The Dallas-based carrier said it intends on growing its business segment by re-orienting toward small and midmarket businesses. “As we expand our fiber reach, we’ll be … stabilizing our business wireline unit by growing connectivity with small to midsized businesses,” Stankey said. “We also plan to use our strong fiber and wireless asset base, broad distribution, and converged product offers to strengthen our overall market position.”

[Related: Microsoft, AT&T 5G Deal Gives Azure Telecom Cloud A Boost ]

On the wireless side, AT&T saw 884,000 postpaid phone net adds and 1.3 million postpaid net adds overall in the fourth quarter of 2021. The carrier had 3.2 million postpaid phone net adds -- more customers than AT&T has added in the prior ten years combined for the full year, Stankey said -- and 4.5 million postpaid net adds for the full year.

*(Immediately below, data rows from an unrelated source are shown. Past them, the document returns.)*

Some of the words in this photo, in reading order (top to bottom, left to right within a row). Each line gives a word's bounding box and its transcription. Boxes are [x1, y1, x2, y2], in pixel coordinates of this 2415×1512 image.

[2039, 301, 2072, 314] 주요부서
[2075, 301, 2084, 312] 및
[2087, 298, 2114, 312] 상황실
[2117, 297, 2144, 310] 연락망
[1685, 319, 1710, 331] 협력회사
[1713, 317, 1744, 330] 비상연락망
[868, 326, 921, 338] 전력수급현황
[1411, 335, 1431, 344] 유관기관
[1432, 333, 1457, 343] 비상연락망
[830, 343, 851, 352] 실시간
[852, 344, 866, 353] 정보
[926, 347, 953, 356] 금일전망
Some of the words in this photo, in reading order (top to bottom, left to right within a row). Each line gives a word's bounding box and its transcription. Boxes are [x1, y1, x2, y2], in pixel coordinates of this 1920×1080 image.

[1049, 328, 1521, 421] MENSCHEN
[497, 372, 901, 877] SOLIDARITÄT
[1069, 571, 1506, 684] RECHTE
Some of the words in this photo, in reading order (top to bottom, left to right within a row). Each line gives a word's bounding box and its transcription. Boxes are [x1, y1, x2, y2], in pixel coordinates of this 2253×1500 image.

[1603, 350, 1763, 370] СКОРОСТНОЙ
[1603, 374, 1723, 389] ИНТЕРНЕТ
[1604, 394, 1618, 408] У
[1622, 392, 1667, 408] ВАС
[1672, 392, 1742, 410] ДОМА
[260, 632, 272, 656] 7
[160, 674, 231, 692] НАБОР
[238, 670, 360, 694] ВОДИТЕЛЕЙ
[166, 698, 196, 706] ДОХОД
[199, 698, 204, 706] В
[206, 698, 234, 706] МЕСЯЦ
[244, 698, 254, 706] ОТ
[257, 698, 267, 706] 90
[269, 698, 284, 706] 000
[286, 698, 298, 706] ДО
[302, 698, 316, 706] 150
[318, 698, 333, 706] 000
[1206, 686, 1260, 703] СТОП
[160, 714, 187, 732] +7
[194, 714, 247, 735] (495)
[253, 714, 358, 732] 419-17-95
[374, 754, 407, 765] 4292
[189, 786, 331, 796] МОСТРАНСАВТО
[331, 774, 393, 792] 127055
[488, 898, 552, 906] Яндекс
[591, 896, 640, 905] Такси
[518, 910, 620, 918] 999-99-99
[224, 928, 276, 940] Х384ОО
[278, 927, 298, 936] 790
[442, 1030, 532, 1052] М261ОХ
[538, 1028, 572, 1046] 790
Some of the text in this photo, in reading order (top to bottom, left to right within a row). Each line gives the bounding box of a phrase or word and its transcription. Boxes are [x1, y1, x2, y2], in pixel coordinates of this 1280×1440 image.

Business wireline services revenue fell 5.6 percent during fourth-quarter 2021 to $5.91 billion compared with $6.25 billion a year ago, which the carrier attributed to the prior-year increase for pandemic-related connectivity, lower demand for legacy voice and data services, and the decision to deemphasize non-core services. Business wireline services decreased 5.2 percent and equipment sales fell 16.7 percent during the quarter.

AT&T CFO Pascal Desroches said that the company doesn’t expect business wireline revenues to grow in 2022, but that losses will be moderated as AT&T rationalizes it’s low-margin products to set up this portfolio for future success.

Despite the carrier’s plans to target SMBs with its business wireline portfolio, AT&T believes it’s also well-positioned in the enterprise space, Desroches said. “We have the account management infrastructure, consulting expertise, and capabilities to support those businesses through that evolution as converged wireline and wireless solutions become the norm,” he said.

Business wireless services, on the other hand, climbed 8.2 percent to $2.11 billion compared with $1.94 billion a year ago. Overall, AT&T’s Business Solutions segment stayed relatively flat during the last quarter of the year with a slight .9 percent increase to $9.04 billion and a .5 percent bump up for the full-year 2021 to $35.51 billion.

AT&T’s mobility segment revenue totaled $21.15 billion during fourth-quarter 2021, an increase of 5.1 percent compared with $20.20 billion in the same quarter a year ago. For the full year, the mobility segment climbed 7.8 percent. The overall communications business, which includes high-speed internet, video and legacy voice services, climbed 2.4 percent to $30.21 billion during the quarter compared with $29.49 billion in Q4 2020. In mobility, AT&T said its service revenue grew 4.6 percent due to subscriber gains, while equipment revenue climbed 6.2 percent during the quarter as customers purchased higher-priced smartphones.

Diluted earnings per share during AT&T’s fourth quarter, which ended December 31, 2021, was 69 cents, down from $1.95 one year ago. Total revenue was $40.96 billion, a 10.4 percent decrease from $45.69 billion in the same quarter one year earlier. Net income was $5.04 billion.

For the full 2021 year, AT&T posted total operating revenues of $168.86 billion, down 1.7 percent from $171.76 billion in 2020. the carrier reported diluted earnings per share of $2.76 compared to 75 cents in 2020.

AT&T in 2021 closed its sale of satellite television service DirecTV to TPG Capital for $7.1 billion in cash. The money will help AT&T continue its strategic telecom services investment strategy in 2022, the company said. AT&T and television company Discovery Inc. last year came together with a definitive agreement for the carrier to spin off WarnerMedia and for its entertainment, sports and news assets to be combined with Discovery’s nonfiction and international entertainment and sports businesses. AT&T acquired its WarnerMedia business, which came from its blockbuster Time Warner buy, in 2018 for $85.4 billion. However, the company struggled to balance the needs of its core connectivity business with its plans for growing its content side of the house. AT&T said it expects to close the WarnerMedia deal in Q2 2022.